Numa noite calma, parada, como todas as noites de Ribeira, quando poucos bêbados vagueiam pela cidade e cães vadios coçam suas sarnas e desprezam os gatos que fazem reboliço nas lixeiras, Elvira acordou sobressaltada. Impressionada por um pesadelo, sacudiu o marido que ressonava ao leu lado:

- Arnaldo, Arnaldo, acorde! O nenê! O nenê! – em seguida rompeu num choro nervoso, soluçando e dizendo coisas estranhas – O vento! O vento passou... Foi matando as crianças... Arnaldo, pelo amor de Deus, acorde!

Estremunhado, o dentista abriu os olhos e, percebendo a agitação da mulher, sentou-se rapidamente; tentou acalmá-la, procurando envolvê-la com os braços, mas Elvira continuava a se debater:

- O vento, Arnaldo, foi entrando pelas venezianas... Por baixo das portas, e foi matando os meninos! O nosso nenê, Arnaldo, estava no berço e o vento veio vindo... Eu vi quando balançou o cortinado. Eu gritei, eu gritei, mas ele, não sei... Parece que o vento tinha corpo... É sim, tinha rosto e soprava, soprava nas crianças! Eu vi quando ele encheu as bochechas e começou a soprar no nenê, Arnaldo. No nosso nenê!
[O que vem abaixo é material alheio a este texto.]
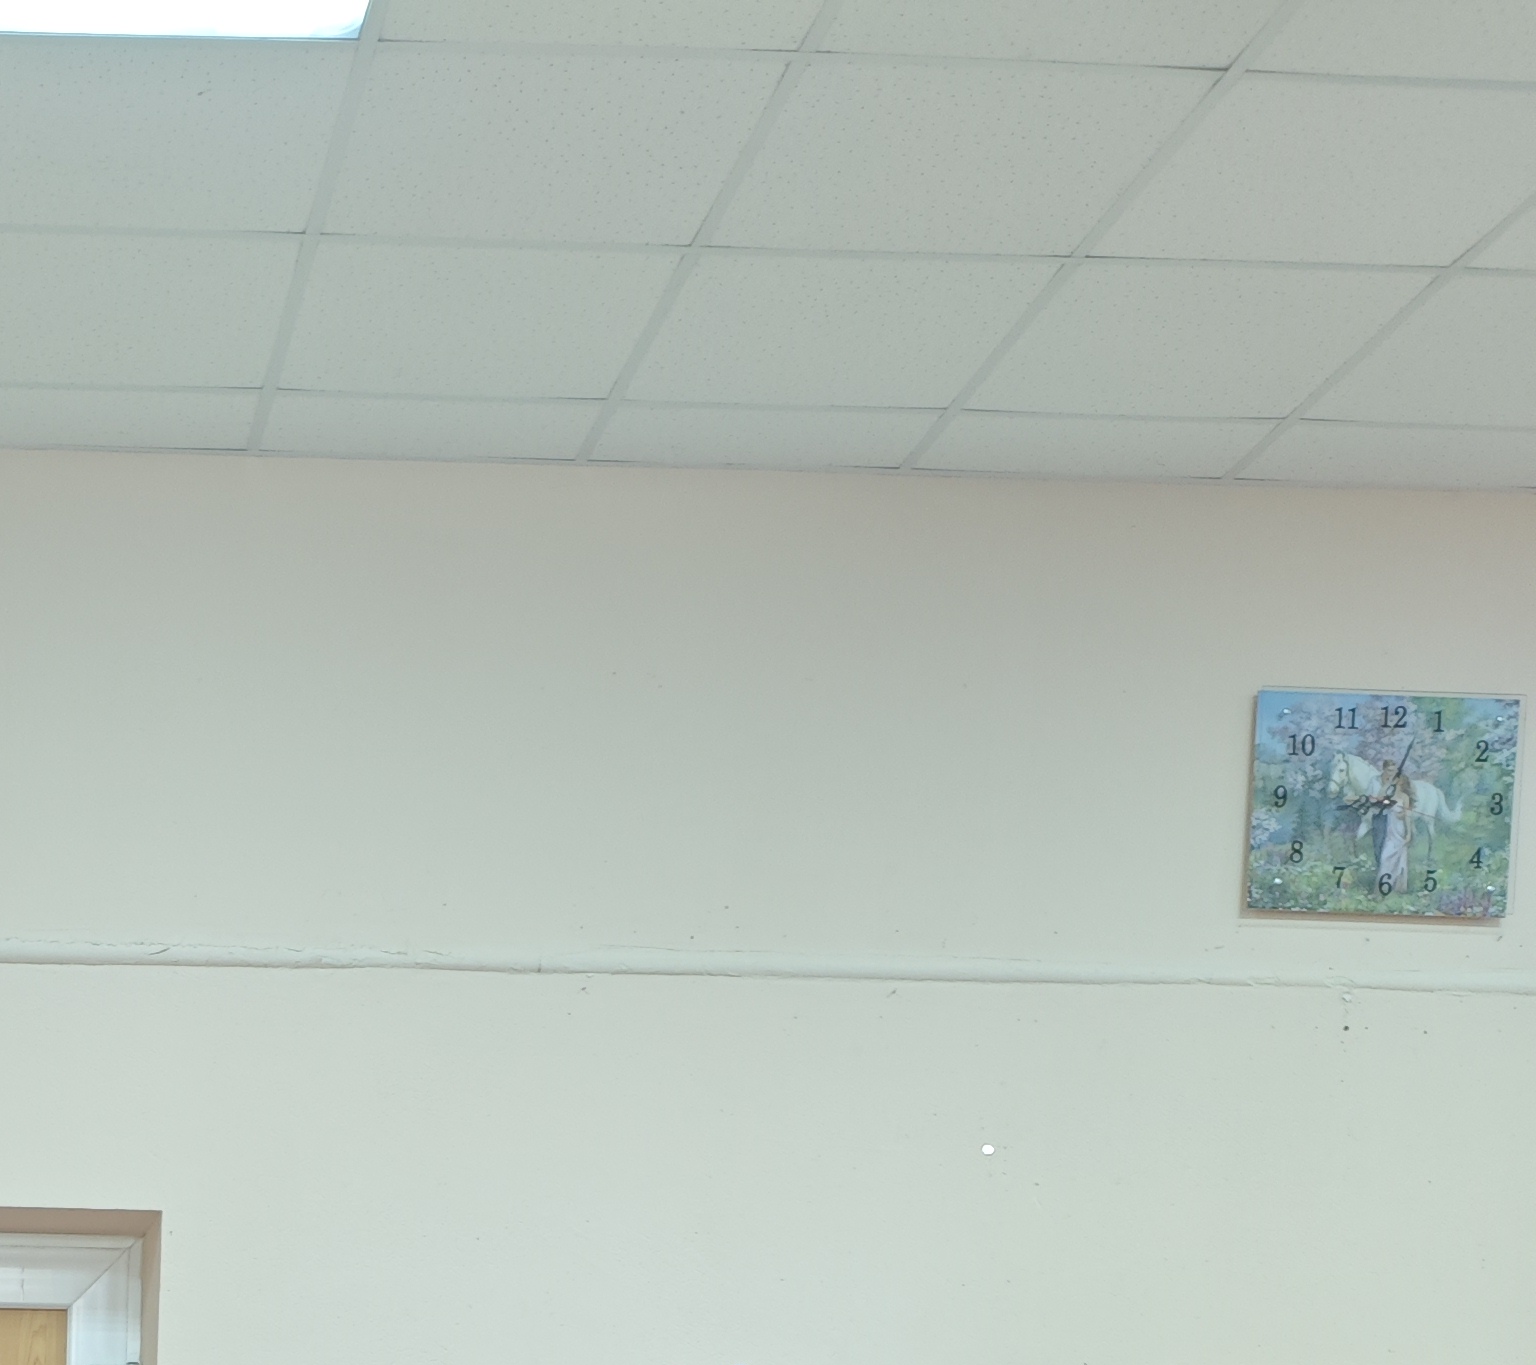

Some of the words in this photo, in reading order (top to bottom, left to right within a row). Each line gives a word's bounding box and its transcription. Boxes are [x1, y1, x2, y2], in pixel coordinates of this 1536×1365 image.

[1335, 707, 1358, 729] 11
[1381, 705, 1407, 728] 12
[1434, 710, 1444, 732] 1
[1288, 734, 1315, 756] 10
[1475, 740, 1489, 762] 2
[1274, 785, 1287, 807] 9
[1490, 793, 1503, 815] 3
[1289, 840, 1303, 863] 8
[1469, 847, 1483, 868] 4
[1332, 866, 1345, 888] 7
[1378, 873, 1392, 895] 6
[1424, 870, 1437, 892] 5
- Elvira, calma, não fique assim nervosa! Foi um pesadelo! – Arnaldo conseguiu abraçar a mulher e, carinhosamente lhe dizia – você se impressionou com a passagem da Bíblia da Morte dos Primogênitos. Lembra-se? Padre Jesuíno falou na missa, no domingo. Mas, olha – e pousou a mão no ventre da esposa – o nosso nenê está aqui, bem guardadinho!

Elvira, ainda chorando, juntou-se mais ao marido:

- Eu não quero perder mais esse nenê! Eu não posso perder mais esse nenê...

- Você não vai perder o nenê, Elvira. Trate de se controlar, eu estou aqui, foi só um sonho feio!

Depois, com muita cautela, foi deitando a mulher sobre o travesseiro, enquanto lhe dizia:

- Vamos, deite-se novamente; eu vou lhe buscar um pouco de leite morno com açúcar. Você vai ver como isso vai passar.

- Eu tenho medo de dormir...

- Não, você vai se acalmar e não terá mais sustos. Olha, daqui a pouco o sol vai aparecer. Se você não quiser tornar a dormir, nós vamos ficar conversando. Mas, vamos, fique deitada para relaxar o corpo.

- Eu detesto essa passagem da Bíblia. Eu acho crueldade de mais matar tantas crianças! Sabe o que mais? – com os olhos contraídos de horror, ela considerou – eu não acredito nisso. Eu, que sou apenas uma mulher, não poderia matar nada! Nem um rato! Quanto mais...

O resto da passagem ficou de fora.